A licensed gun dealer in Arizona who was cooperating with federal agents in a gun smuggling probe told investigators that he was worried that firearms sold by his store could end up in the wrong hands.
The dealer's concerns are contained in a letter that Republican Sen. Charles Grassley of Iowa wrote on Wednesday to U.S. Attorney General Eric Holder as part of Grassley's inquiry into efforts to combat gun smuggling into Mexico. The Associated Press obtained the letter on Thursday.
Grassley's letter says e-mails from the unnamed dealer to the federal Bureau of Alcohol, Tobacco, Firearms and Explosives demonstrate that some firearms agents instructed gun dealers to engage in suspicious sales despite the sellers' concerns.
The senator says the dealer sent an e-mail voicing that concern nearly six months before two rifles from the same ATF operation were found at the scene a Dec. 14 shootout near the Arizona-Mexico border that mortally wounded Border Patrol Agent Brian Terry.
"So, not only were the ATF agents who later blew the whistle predicting that this operation would end in tragedy, so were the gun dealers _ even as ATF urged them to make the sales," Grassley wrote.
ATF and Justice Department officials in Washington had no immediate comment Thursday night on Grassley's letter. The U.S. Attorney's Office in Phoenix said in a written statement that it couldn't comment on the contents of Grassley's letter because it's in the process of prosecuting the gun smuggling case in question.
Firearms records show the two rifles found at the shootout were the same guns being monitored by ATF agents as part of a gun trafficking investigation and were sold by Lone Wolf Trading Company in Glendale. Lone Wolf owner Andre Howard said he didn't write the e-mails and declined to comment further.
The name of the dealer who wrote the e-mails was blackened out in e-mails attached to Grassley's letter.

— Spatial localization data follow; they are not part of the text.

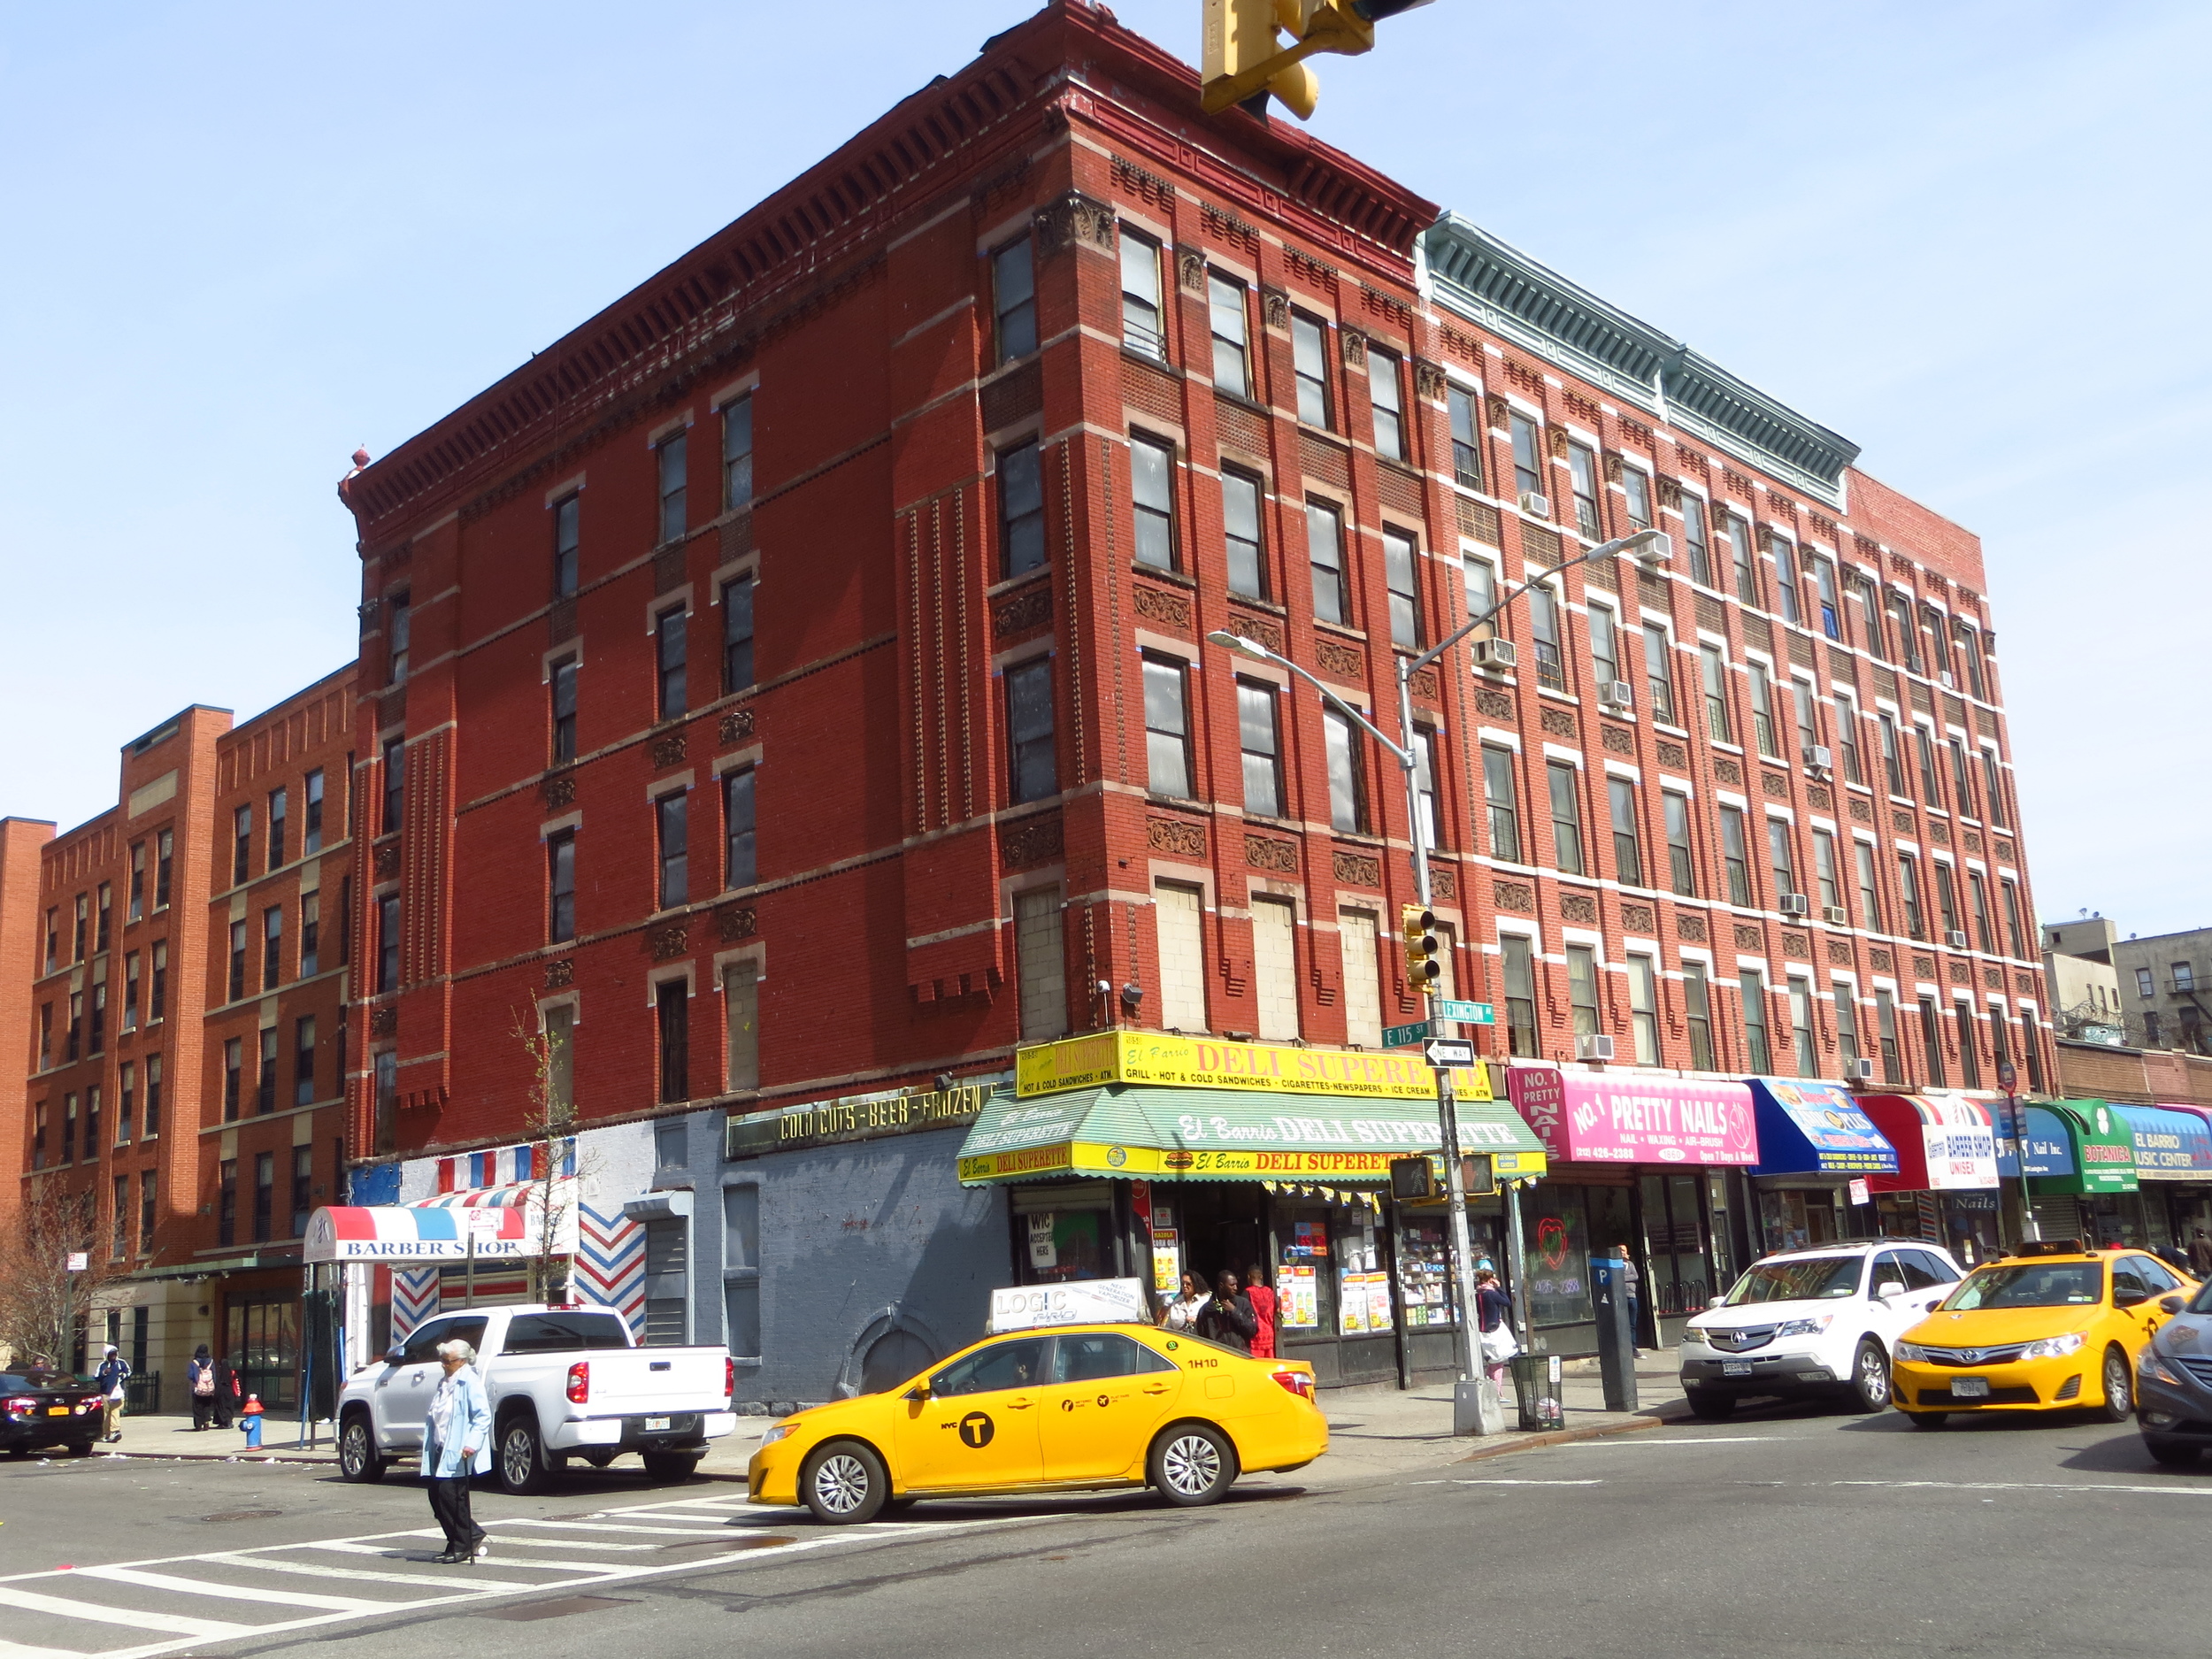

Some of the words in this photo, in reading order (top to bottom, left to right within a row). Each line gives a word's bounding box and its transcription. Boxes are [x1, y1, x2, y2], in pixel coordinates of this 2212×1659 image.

[1443, 1002, 1484, 1021] LEXINGTON
[1387, 1031, 1393, 1045] E
[1398, 1027, 1411, 1043] 115
[1056, 1044, 1071, 1075] DELI
[1074, 1037, 1114, 1072] SUPERETTE
[1194, 1044, 1282, 1078] DELI
[1432, 1048, 1446, 1058] ONE
[1453, 1048, 1468, 1059] WAY
[1024, 1082, 1033, 1093] HOT
[1036, 1081, 1041, 1091] &
[1042, 1079, 1056, 1089] COLD
[1058, 1073, 1094, 1087] SANDWICHES
[1125, 1069, 1150, 1079] GRILL
[1160, 1071, 1175, 1081] HOT
[1180, 1073, 1187, 1082] &
[1191, 1073, 1213, 1083] COLD
[1217, 1076, 1271, 1087] SANDWICHES
[1524, 1072, 1548, 1087] NO.
[1551, 1071, 1557, 1084] 1
[1524, 1087, 1560, 1102] PRETTY
[820, 1104, 856, 1134] CUTS
[870, 1096, 908, 1127] BEER
[923, 1083, 981, 1118] FROZEN
[1573, 1102, 1598, 1135] NO.
[1595, 1093, 1605, 1116] 1
[1610, 1094, 1672, 1132] PRETTY
[1679, 1100, 1727, 1135] NAILS
[1179, 1115, 1207, 1141] El
[1210, 1117, 1278, 1140] Barrio
[1271, 1117, 1353, 1142] DELI
[1838, 1112, 1872, 1130] PLUS
[1619, 1133, 1638, 1144] NAIL
[1647, 1134, 1676, 1146] WAXING
[1685, 1136, 1724, 1148] AIR-BRUSH
[1947, 1135, 1973, 1158] BARBER
[1974, 1135, 1991, 1158] SHOP
[2032, 1141, 2047, 1155] Nail
[2135, 1133, 2146, 1148] EL
[2147, 1133, 2180, 1149] BARRIO
[1196, 1153, 1211, 1170] El
[1216, 1151, 1249, 1169] Barrio
[1256, 1153, 1302, 1170] DELI
[1576, 1147, 1591, 1158] (212)
[1593, 1148, 1634, 1159] 426-2388
[1700, 1150, 1714, 1162] Open
[1721, 1151, 1733, 1164] Days
[1735, 1152, 1740, 1161] A
[1740, 1152, 1755, 1162] Week
[2084, 1145, 2131, 1163] BOTANICA
[2160, 1153, 2193, 1167] CENTER
[964, 1158, 971, 1176] El
[972, 1157, 990, 1174] Barrio
[996, 1153, 1017, 1172] DELI
[1018, 1147, 1067, 1170] SUPERETTE
[1949, 1161, 1976, 1175] UNISEX
[1956, 1197, 1995, 1209] Nails
[1031, 1213, 1050, 1230] WIC
[347, 1242, 443, 1256] BARBER
[453, 1241, 517, 1256] SHOP
[1036, 1246, 1048, 1256] HERE
[1599, 1269, 1607, 1284] P
[1097, 1284, 1135, 1300] GENERATION
[1535, 1279, 1579, 1294] 426-2388
[1098, 1290, 1131, 1304] VAPORIZER
[1033, 1310, 1077, 1323] PRO
[1187, 1359, 1217, 1369] 1H10
[966, 1417, 986, 1444] T

The shooting that mortally wounded Terry broke out as Terry and three other agents tried to catch five suspected illegal immigrants north of the Arizona city of Nogales. The five illegal immigrants were believed to be bandits who would rob illegal immigrants as they cross into the United States. No one has been charged in Terry's shooting.
In an April 2010 email to the dealer cited by Grassley, ATF supervisor David Voth tried to ease the seller's concerns by saying the agency continually monitors those suspects. The dealer had asked for something in writing to alleviate his concerns about being blamed later on for selling those guns.

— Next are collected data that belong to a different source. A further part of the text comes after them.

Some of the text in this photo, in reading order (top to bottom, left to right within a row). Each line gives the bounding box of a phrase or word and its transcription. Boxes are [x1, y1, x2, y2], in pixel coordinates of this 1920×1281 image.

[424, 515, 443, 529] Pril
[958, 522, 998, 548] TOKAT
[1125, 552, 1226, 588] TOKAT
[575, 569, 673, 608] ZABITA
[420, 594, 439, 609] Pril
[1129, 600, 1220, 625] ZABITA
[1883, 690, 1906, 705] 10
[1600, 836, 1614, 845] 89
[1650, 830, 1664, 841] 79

Voth agreed to line up a meeting with federal prosecutors for the seller, and Grassley said prosecutors refused to put anything in writing but assured the dealer that there were safeguards to prevent the distribution of guns sold at his business.
A month later, the dealer grew worried after viewing a news report about gun smuggling into Mexico. ""As I said in our meeting, I want to help ATF with its investigation but not at the risk of (agents') safety because I have some very close friends that are US Border Patrol agents in southern AZ," the dealer wrote.
Grassley also said that the dealer's employees on one or two occasions witnessed an exchange of money between a straw gun buyer and someone else on the premise. ATF wanted them to go forward with the sale, but the employees refused, the senator said.
The Justice Department denied in a letter to the senator in February that ATF sanctioned or knowingly allowed the sale of assault rifles to straw buyers who sneaked them into Mexico.
Grassley asks in Wednesday's letter to the attorney general whether the Justice Department still stands by that claim.